EU citizens has the legal right to sell their used digital games!
Earlier this year, the Court of Justice of the European Union published its judgement on a dispute between business technology company Oracle and a firm named UsedSoft, which sells second-hand licenses for Oracle software without the corporation's permission.
Oracle took UsedSoft to court, the case was referred to the CJEU and the judgement came down in favor of UsedSoft.
What this means is that, under EU law, software companies have no right to prevent users from selling their digital downloads to others; effectively, the software distributor's rights to control distribution are exhausted after the first sale.
So if you download a piece of software, you can effectively re-sell it – as long as you delete the copy on your own hard drive.
Jas Purewal, a games and media lawyer at Osborne Clarke, blogged on the subject.
"The EU court held that it is legal for a legitimate purchaser of software to sell it to another person, whether that software is digital or physical," he says. Which sort of sounds clear. But wait.
"At the same time, the case has raised a series of questions about exactly how this actually should be implemented and what 'software' means."
Ah okay, so then this could actually be irrelevant to downloadable games? "No," responds Purewal. "The EU court said that you have to look at the reality, not the legal documentation.
"If the reality is that a developer or publisher is giving you ownership of a game for an unlimited period, then that is what you get – regardless of what the end user license agreement (EULA) might say, according to the court."
REGARDLESS of the EULA.
In short this judgement should spark a movement to make it legal for users to download titles from places like Steam, Xbox Live or the App Store and then sell those games on when they've finished playing them.

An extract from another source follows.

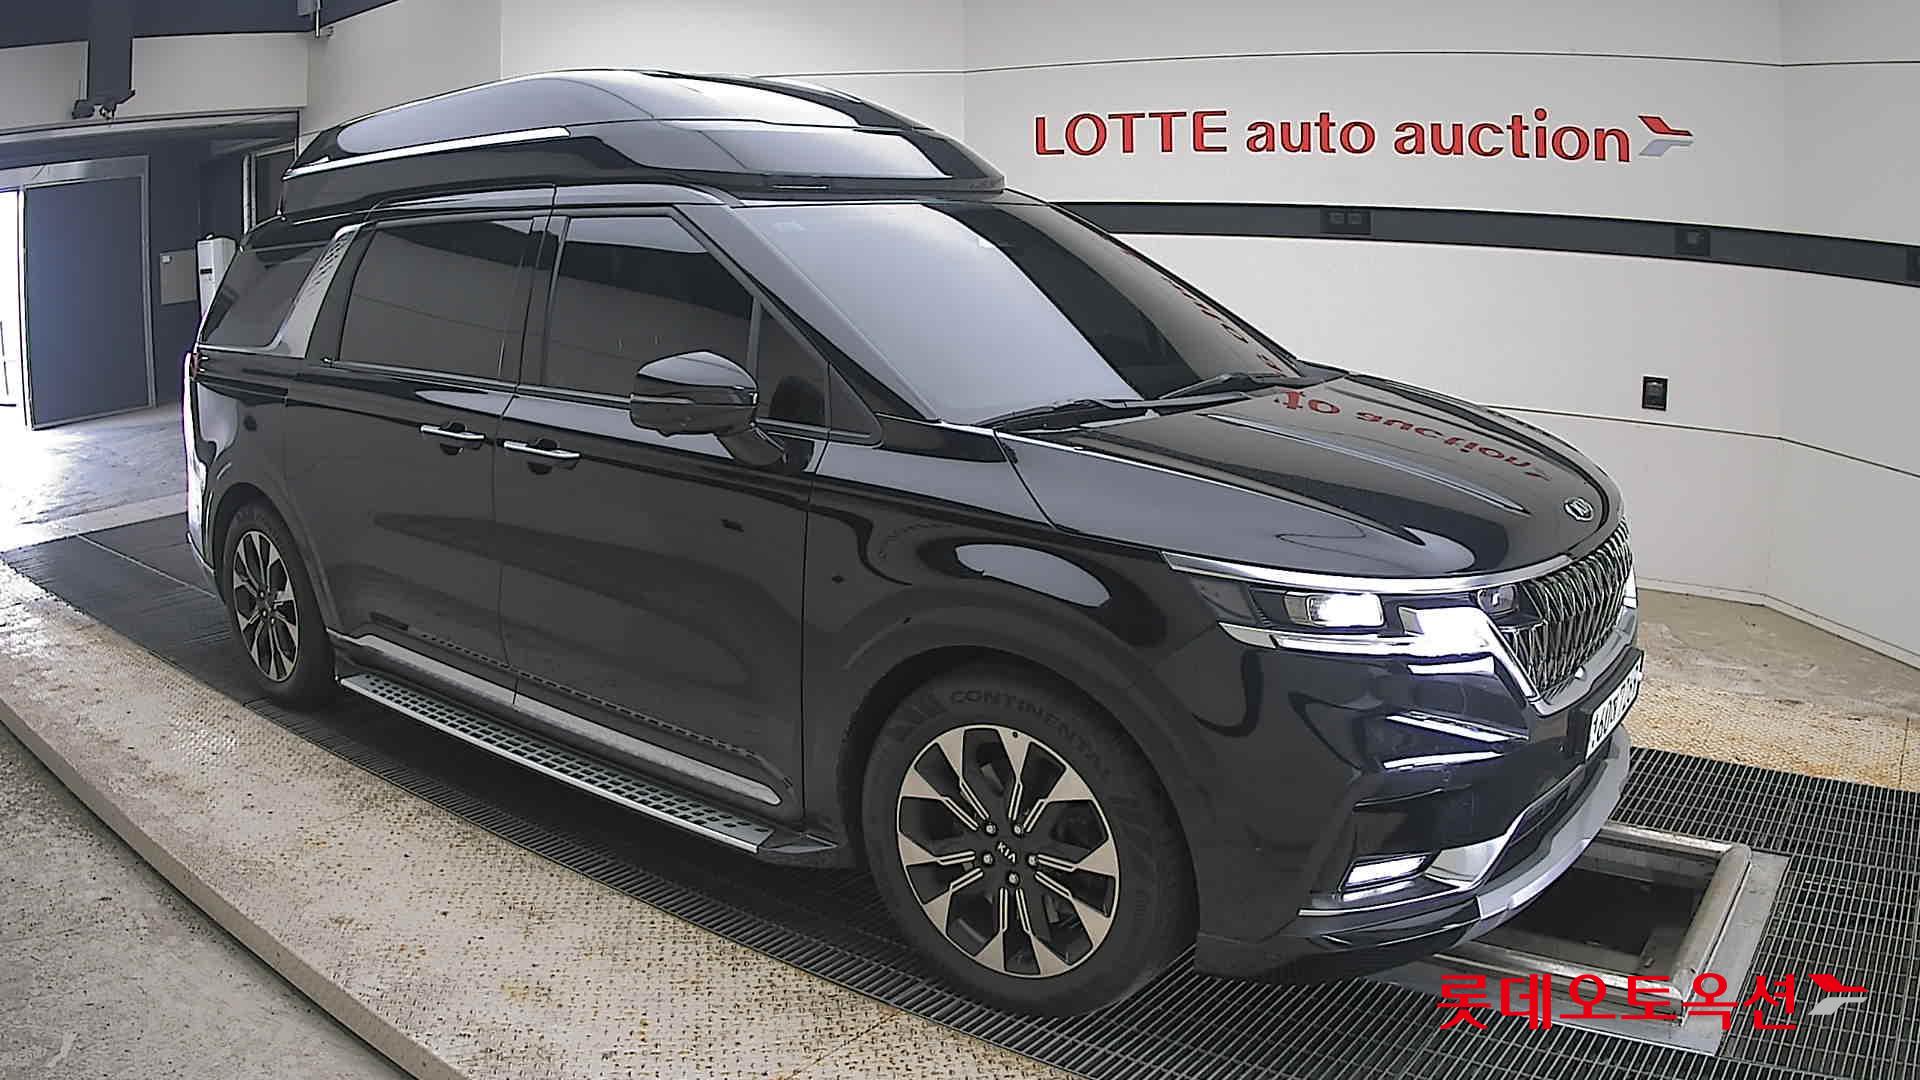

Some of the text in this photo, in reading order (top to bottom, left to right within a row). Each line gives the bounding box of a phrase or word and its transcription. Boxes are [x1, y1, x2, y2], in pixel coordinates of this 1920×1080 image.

[1034, 107, 1631, 162] LOTTE auto auction
[997, 841, 1016, 864] KIA
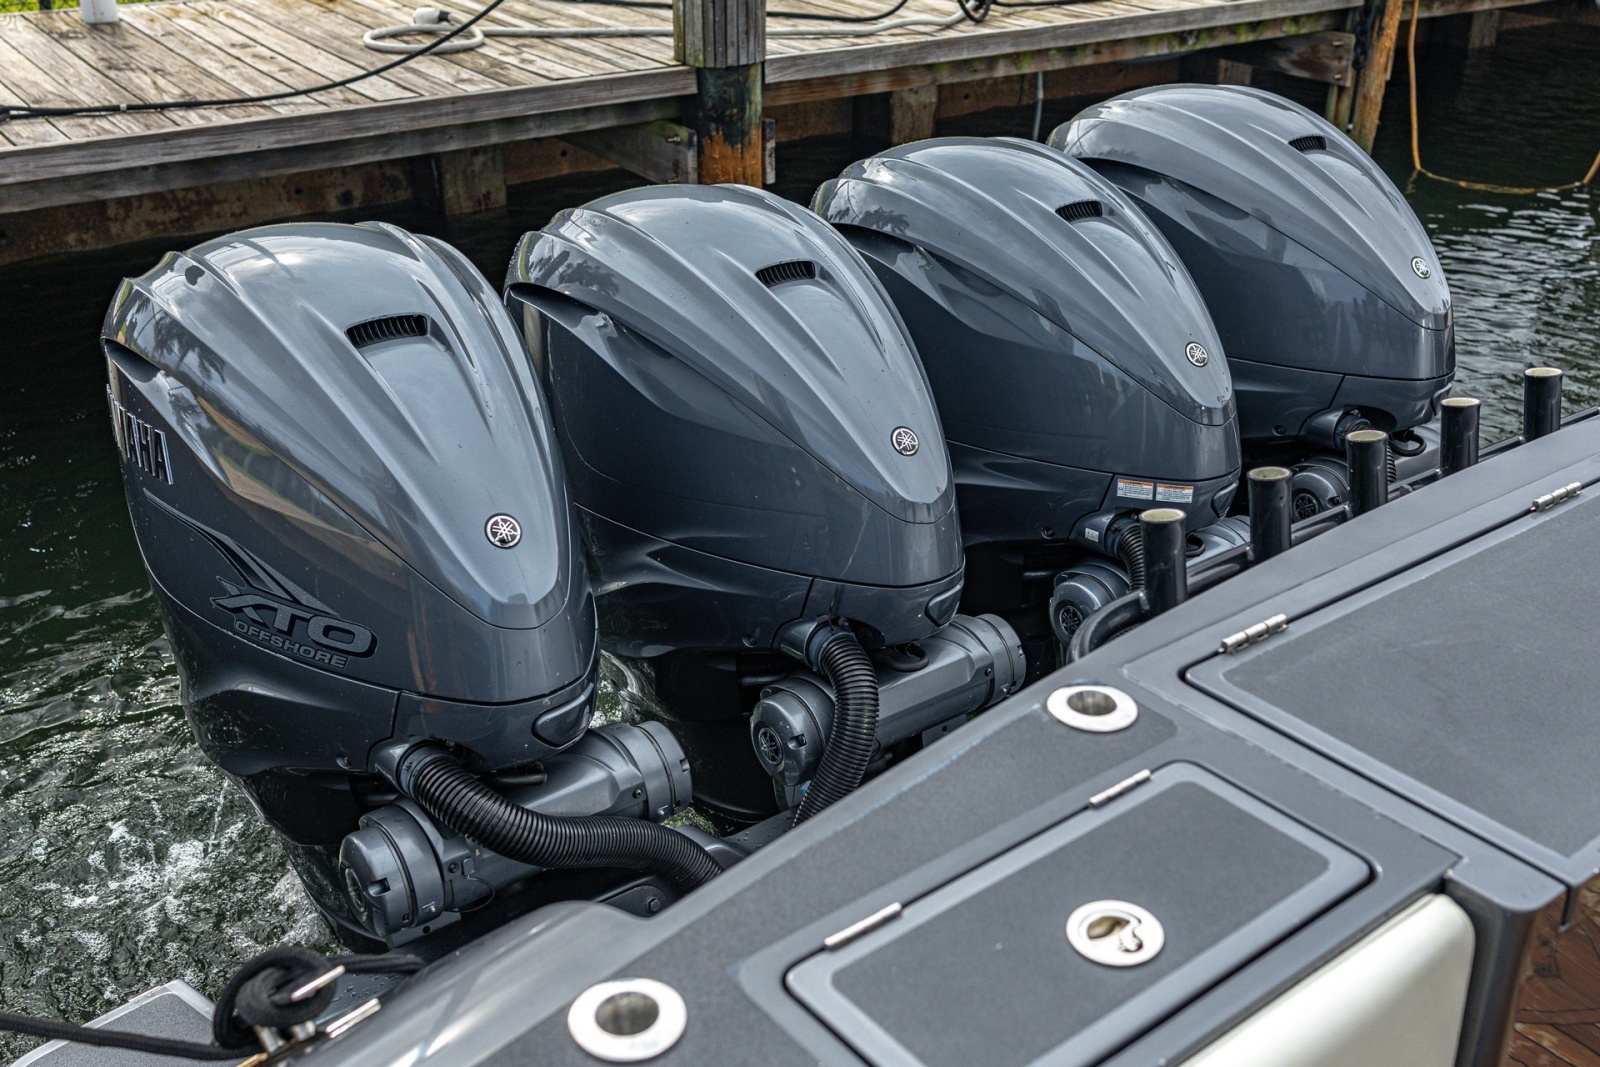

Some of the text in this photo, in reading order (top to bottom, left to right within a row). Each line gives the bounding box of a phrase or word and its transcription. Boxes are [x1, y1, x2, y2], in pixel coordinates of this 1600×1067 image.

So will software providers be compelled by this ruling to actively facilitate the distribution of used digital goods. "It is probably going to be a little while before anything actually happens," says Purewal.
"The case has changed the legal landscape by forcing us to re-examine second hand sales from a legal perspective in the EU," says Purewal.
Let's hope that user feedback is enough to get companies to listen to our rights as citizens within the European Union!
For those who want to use a service TODAY that supports the reselling of digital games take a look at UK site Green Man Gaming. Let's hope Valve and the rest shapes up and gets on-board to!